Alastair Reynolds - Eversion - Le Bélial’/Le Livre de
Poche
« Dr. Chandra, Will I
Dream ? »
Silas Coade embarque à bord de la goélette
Demeter. Médecin de bord il intègre une équipe scientifique à
destination des côtes de Norvège à la recherche d’une anfractuosité repérée par
une expédition précédente .Elle dissimulerait un Edifice mystérieux. Le
commanditaire Topolsky est entouré du capitaine Van Vught, du cartographe
Raymond Dupin, de l’enseigne Mortlock, du colonel Ramos chargé de la sécurité
et de quelques autres personnages dont l’intrigante Madame Cossile. Après avoir
franchi une fissure l’équipage découvre l’épave de L’Europe, le vaisseau
de leurs prédécesseurs. Alors qu’une dispute éclate sur les agissements passés
de Topolsky, le Demeter s’écrase contre une falaise et Coade meurt sur
le coup … pour se réveiller à bord d’un streamer du même nom, en compagnie du
même équipage, pour le même objectif, en route pour la Patagonie.

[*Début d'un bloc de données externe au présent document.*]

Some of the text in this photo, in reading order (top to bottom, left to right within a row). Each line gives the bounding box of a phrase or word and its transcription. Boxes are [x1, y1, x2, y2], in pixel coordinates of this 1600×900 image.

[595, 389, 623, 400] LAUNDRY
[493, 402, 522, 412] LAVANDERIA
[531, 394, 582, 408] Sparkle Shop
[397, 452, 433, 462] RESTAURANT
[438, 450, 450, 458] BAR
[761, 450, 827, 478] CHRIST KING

Si les longs cycles ont établi la
réputation d’Alastair Reynolds, réputation renouvelée grâce aux récentes
rééditions du Bélial’, l’auteur se montre aussi à l’aise sur le format court (court
chez Reynolds c’est trois cent pages). L’intrigue rend globalement hommage à
Jules Verne et Arthur Clarke, mais la forme évoque la thématique du « Jour
sans fin », à savoir Edge of Tomorrow, Trois Oboles pour Charon
de Frank Ferric et dans un autre registre Au bout du labyrinthe, voire
L’œil dans le ciel du grand Philip K. Dick. Les lecteurs férus de topologie
algébrique se pencheront sur l’éversion de sphère, modèle architectural de l’Edifice.

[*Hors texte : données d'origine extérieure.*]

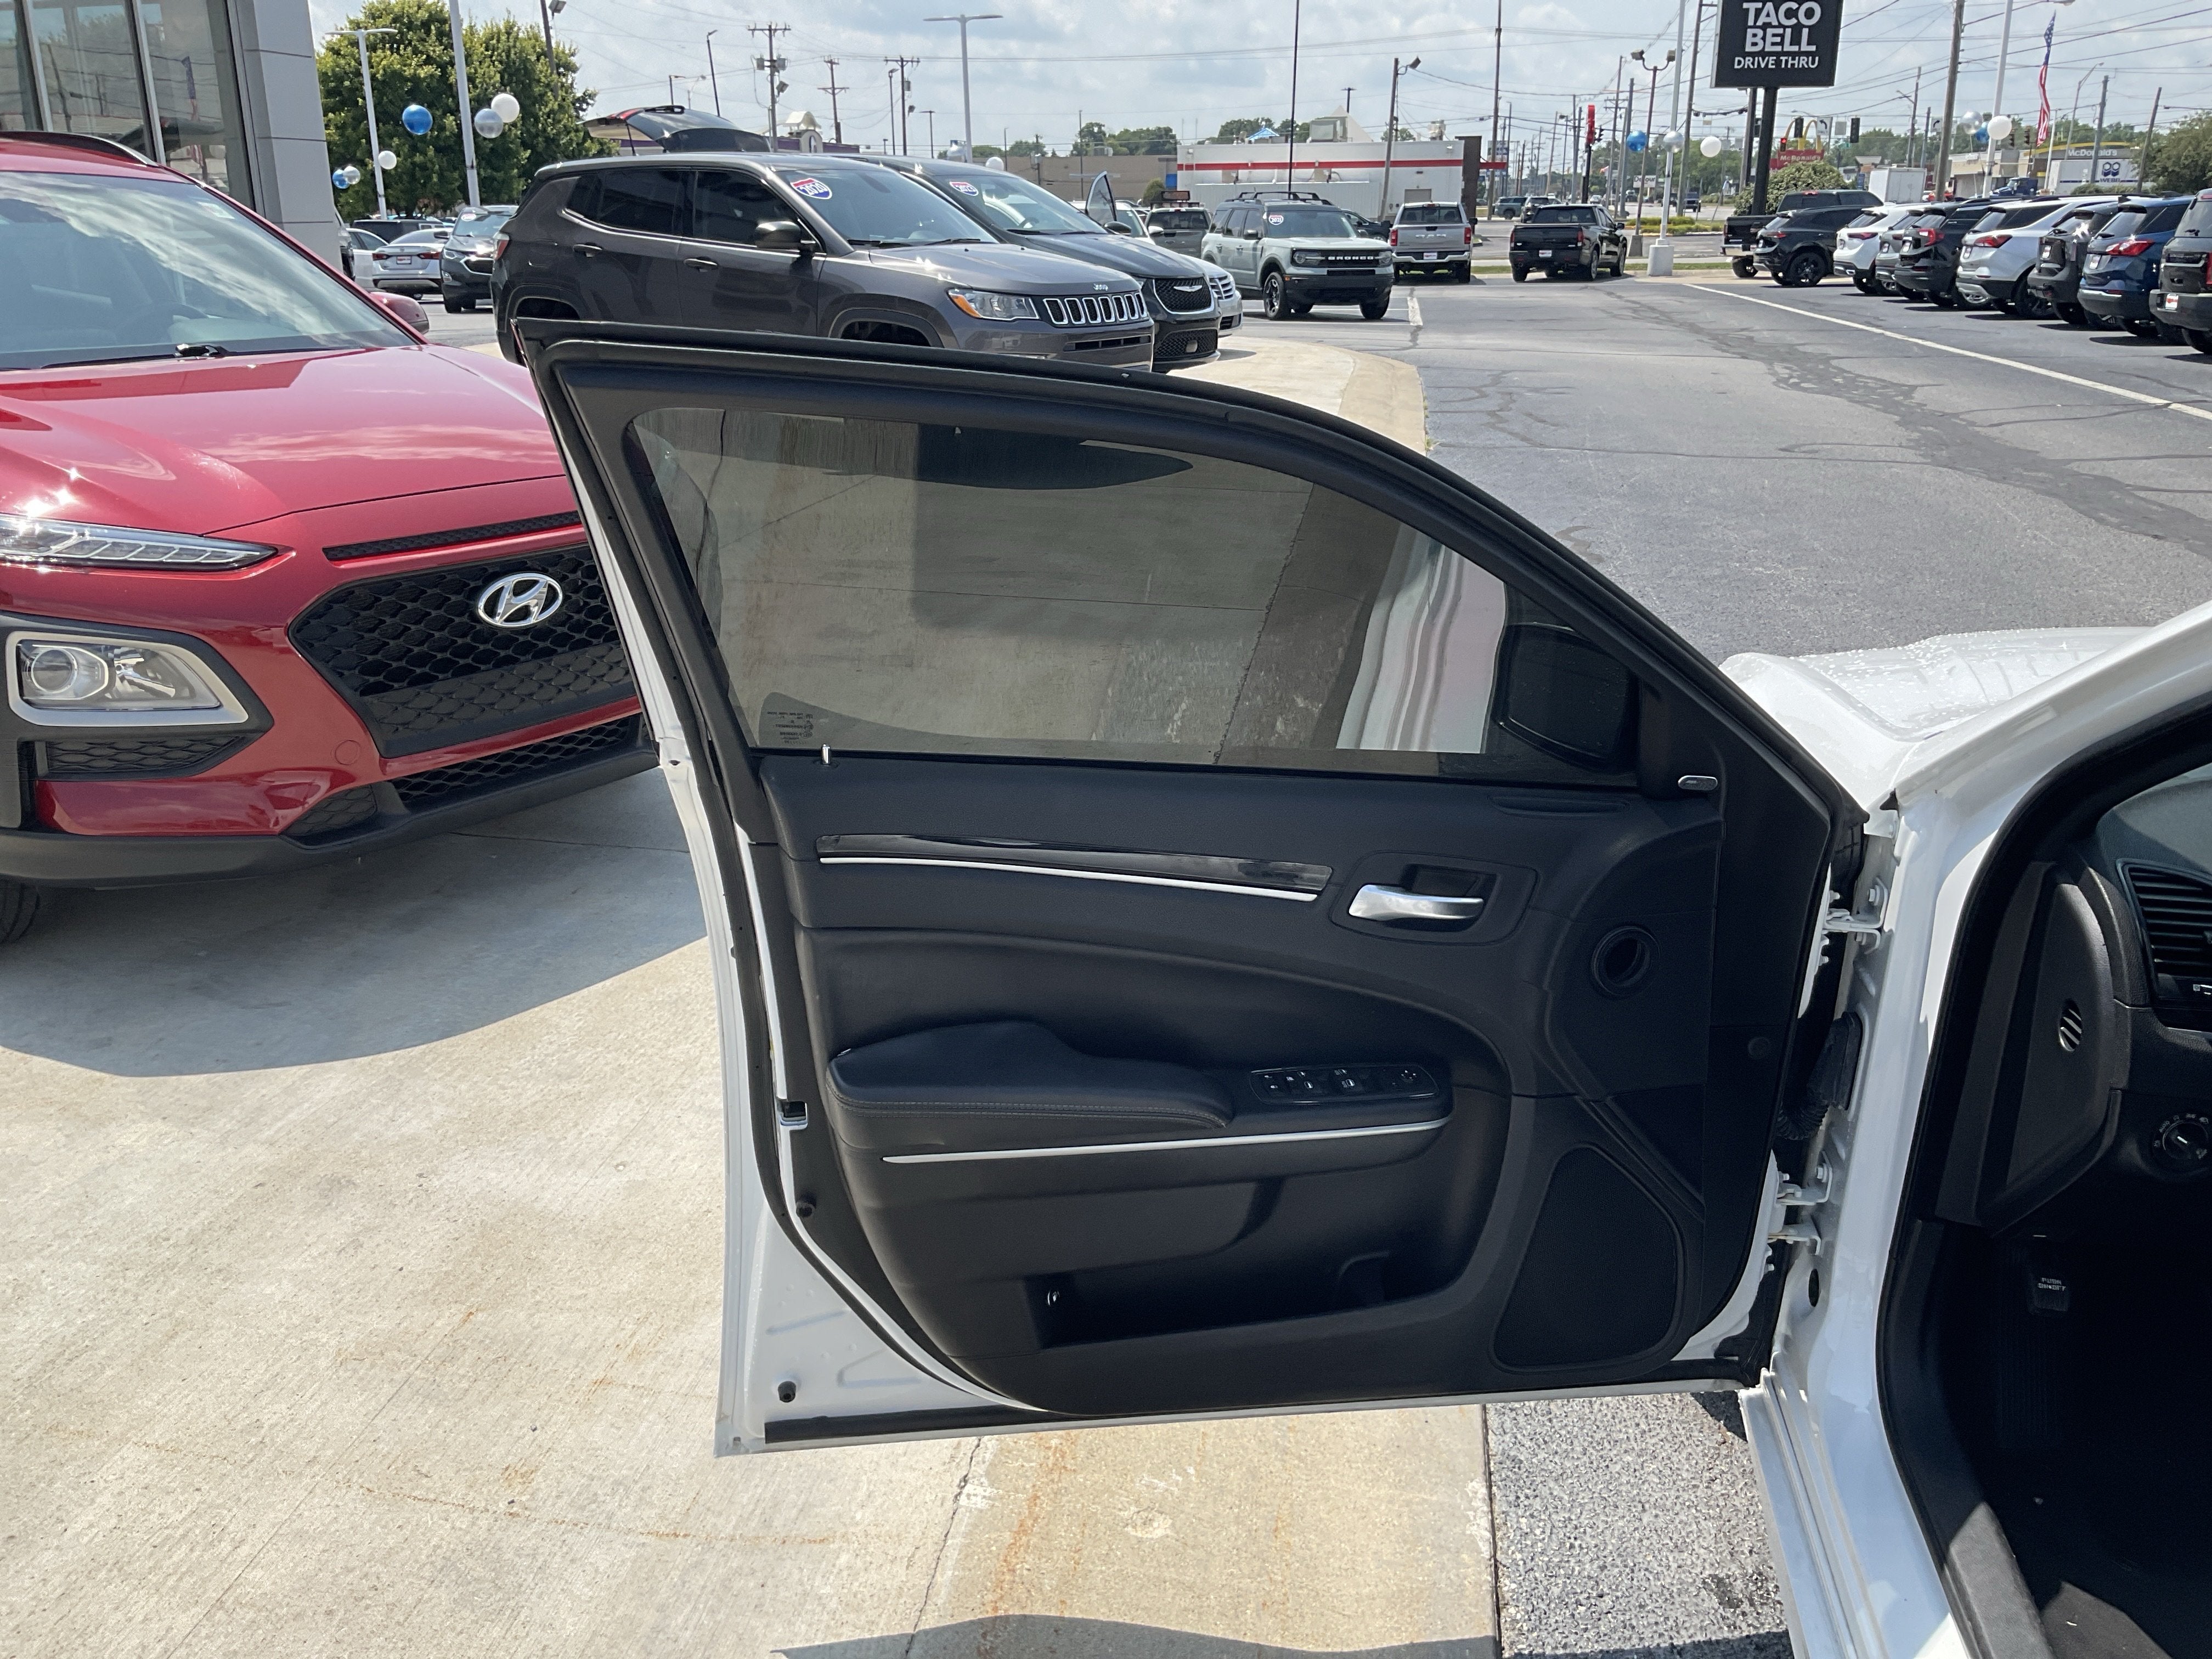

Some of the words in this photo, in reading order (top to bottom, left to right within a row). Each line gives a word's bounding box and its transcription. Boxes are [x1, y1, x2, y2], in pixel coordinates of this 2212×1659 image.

[1742, 1, 1821, 26] TACO
[1745, 27, 1816, 52] BELL
[1734, 57, 1776, 69] DRIVE
[1780, 56, 1819, 68] THRU
[799, 182, 828, 195] 2020

Sommes-nous sur les mers des grands
explorateurs d’antan ou dans l’espace ? Les situations se succèdent, les
personnages semblent jouer la même pièce. Qui est le démiurge de cette histoire,
Silas Colas romancier à ses moments perdus ou la Comtesse Cossile qui semble
bien le connaitre ? L’écrivain assemble patiemment les morceaux du puzzle pour
livrer un final cohérent et émouvant. Eversion suinte la science-fiction
à chaque page. Lecture enthousiasmante comme le fut pour moi celle du classique
Succession de Scott Westerfeld voici un an.